This work is based on the Edge.org 2017 annual question “Which Scientific Concept Should be More Well Known?”, where a range of eminent scientists and science writers contribute short pieces nominating a concept. Text analytics was used to visualise the concepts, with the hope of finding related ideas and looking at interdisciplinary links between the concepts nominated by the scientists who were polled.
Jean Miélot, science in the middle ages (Wikicommons)
The 205 contributed scientific concepts were downloaded and organised by topic and descriptive text.

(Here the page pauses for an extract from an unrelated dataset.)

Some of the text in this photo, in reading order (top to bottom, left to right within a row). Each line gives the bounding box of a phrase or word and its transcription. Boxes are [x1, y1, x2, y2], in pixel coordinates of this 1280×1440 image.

They were also allocated to a discipline, based on the bio of the contributing expert on edge.org. This gave the breakdown shown in Table 1, below.

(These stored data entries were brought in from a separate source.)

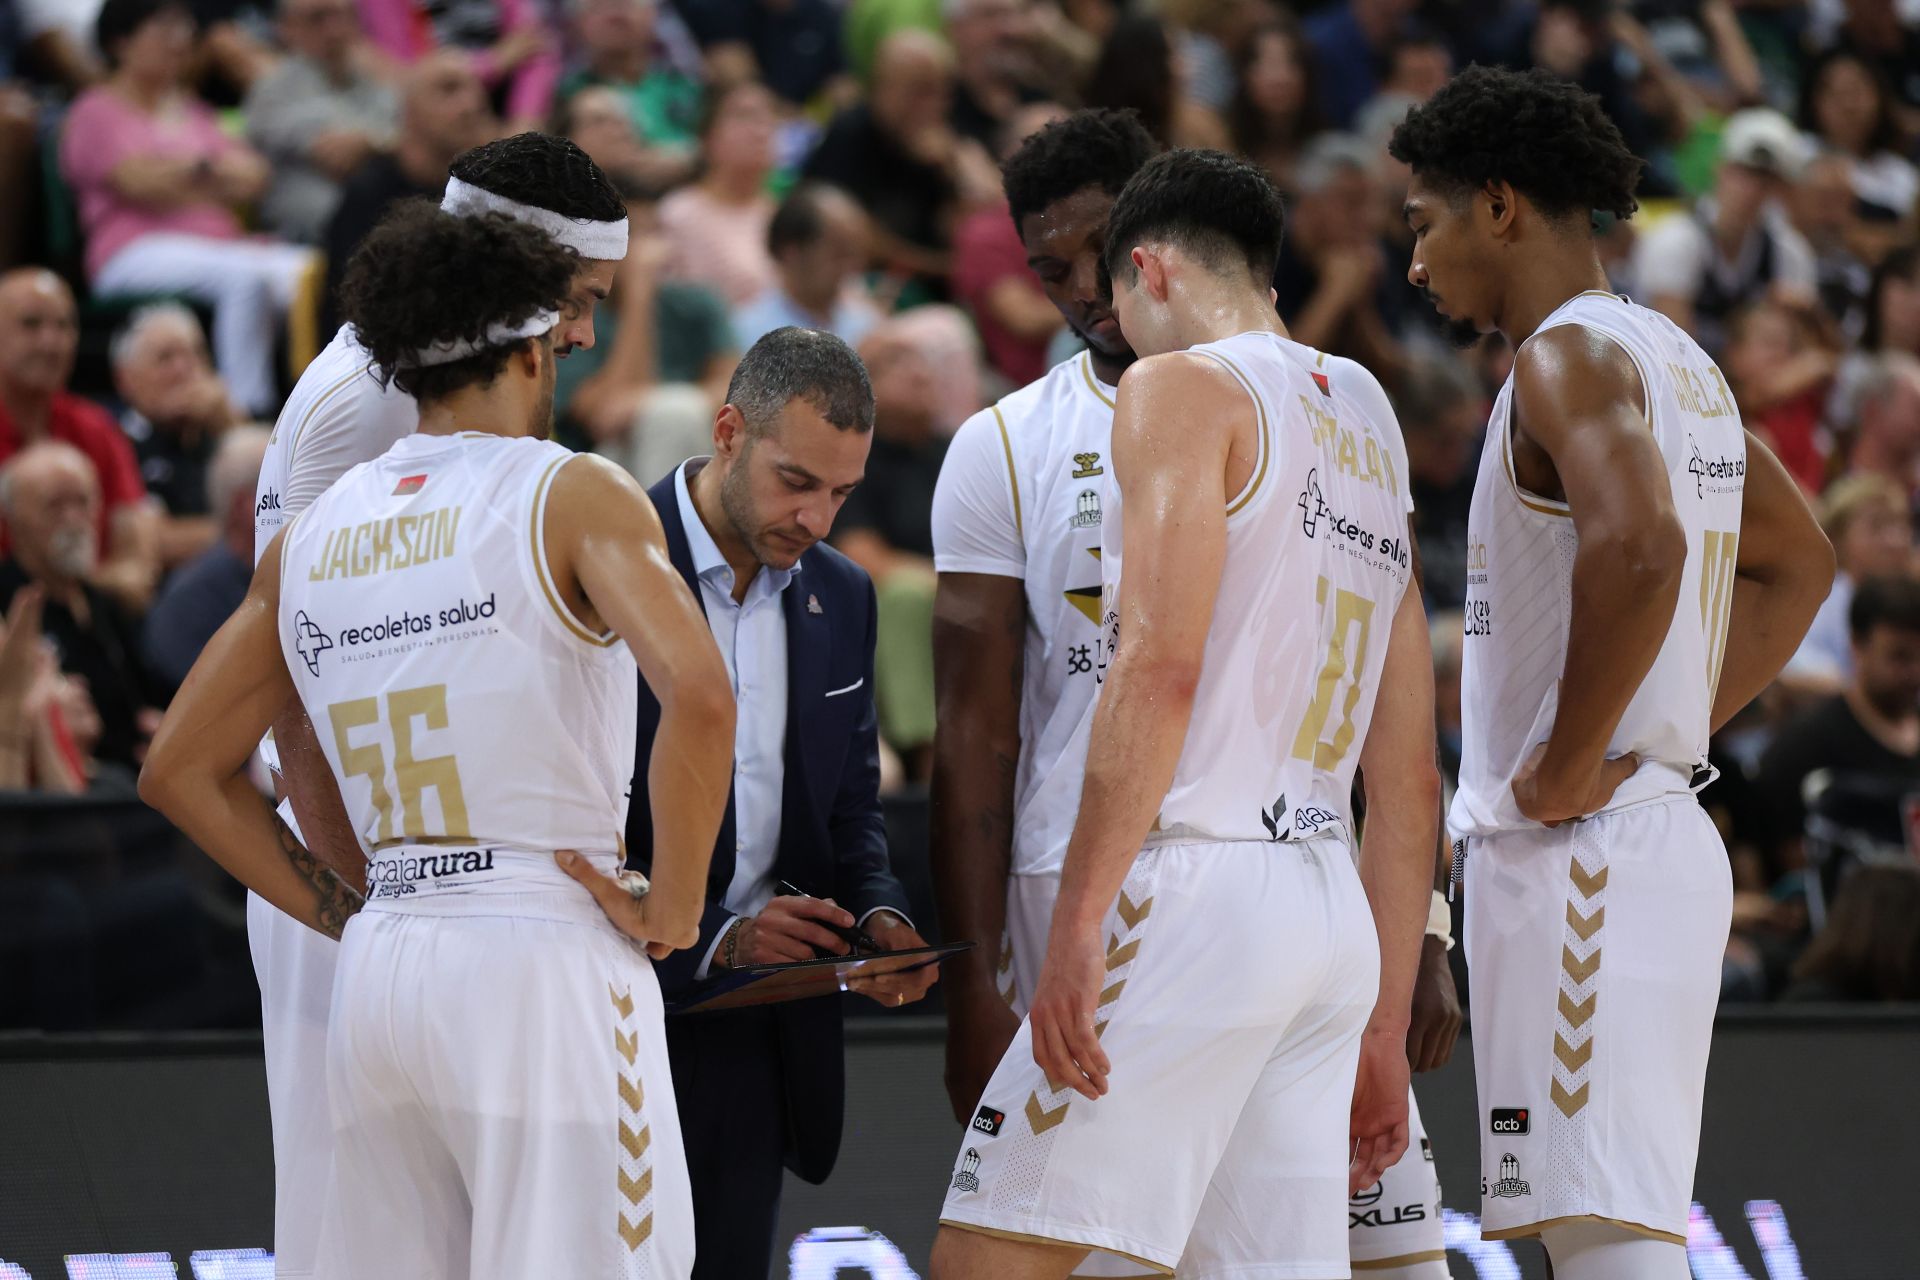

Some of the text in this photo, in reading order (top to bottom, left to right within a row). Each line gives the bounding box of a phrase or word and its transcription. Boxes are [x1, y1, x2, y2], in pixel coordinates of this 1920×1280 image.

[308, 505, 462, 582] JACKSON
[340, 592, 495, 647] recoletas salud
[328, 684, 476, 843] 56
[975, 1115, 994, 1132] acb
[1493, 1117, 1520, 1131] acb
[1494, 1181, 1528, 1193] BURGOS

Respondents to the Edge question seemed to give two types of answer: those related to the scientific method itself, and those derived from different scientific fields. This revealed some ambiguity in the question. It also seemed to be the case that respondents sometimes cited concepts from fields other than their own.
no | discipline | ideas |
---|---|---|
1 | Psychology | 36 |
2 | Physics | 31 |
3 | Computer Science | 22 |
4 | Science General | 21 |
5 | Biology | 14 |
6 | Philosophy | 12 |
7 | Neuroscience | 10 |
8 | Cognitive Science | 9 |
9 | Mathematics | 5 |
10 | Medicine | 5 |
Using TidyText text mining methods in R (Silge and Robinson, 2016) we can generate a similarity diagram based on the TF-IDF of the key terms in the Edge concepts. The diagram below filters with a correlation of 0.075. The discipline colouring is not too useful (these might be better classified into a smaller grouping). But with some effort we can see areas where disciplinary ideas are cliquey / clustered, such as:
- Maladaptation, somatic evolution and simplistic disease progression in medicine;
- The principle of least action, the big bang and parallel universes in physics;
..but also some cross disciplinary linkages, including:
- criticality from physics and positive feedbacks in climate change (environmental science);
- possibility space in maths and alternative possibilities (scientific method / psychology);
Of course, without further refinement this technique and the examples above are not necessarily distinguishing entries with shared language from ideas with truly related overarching concepts.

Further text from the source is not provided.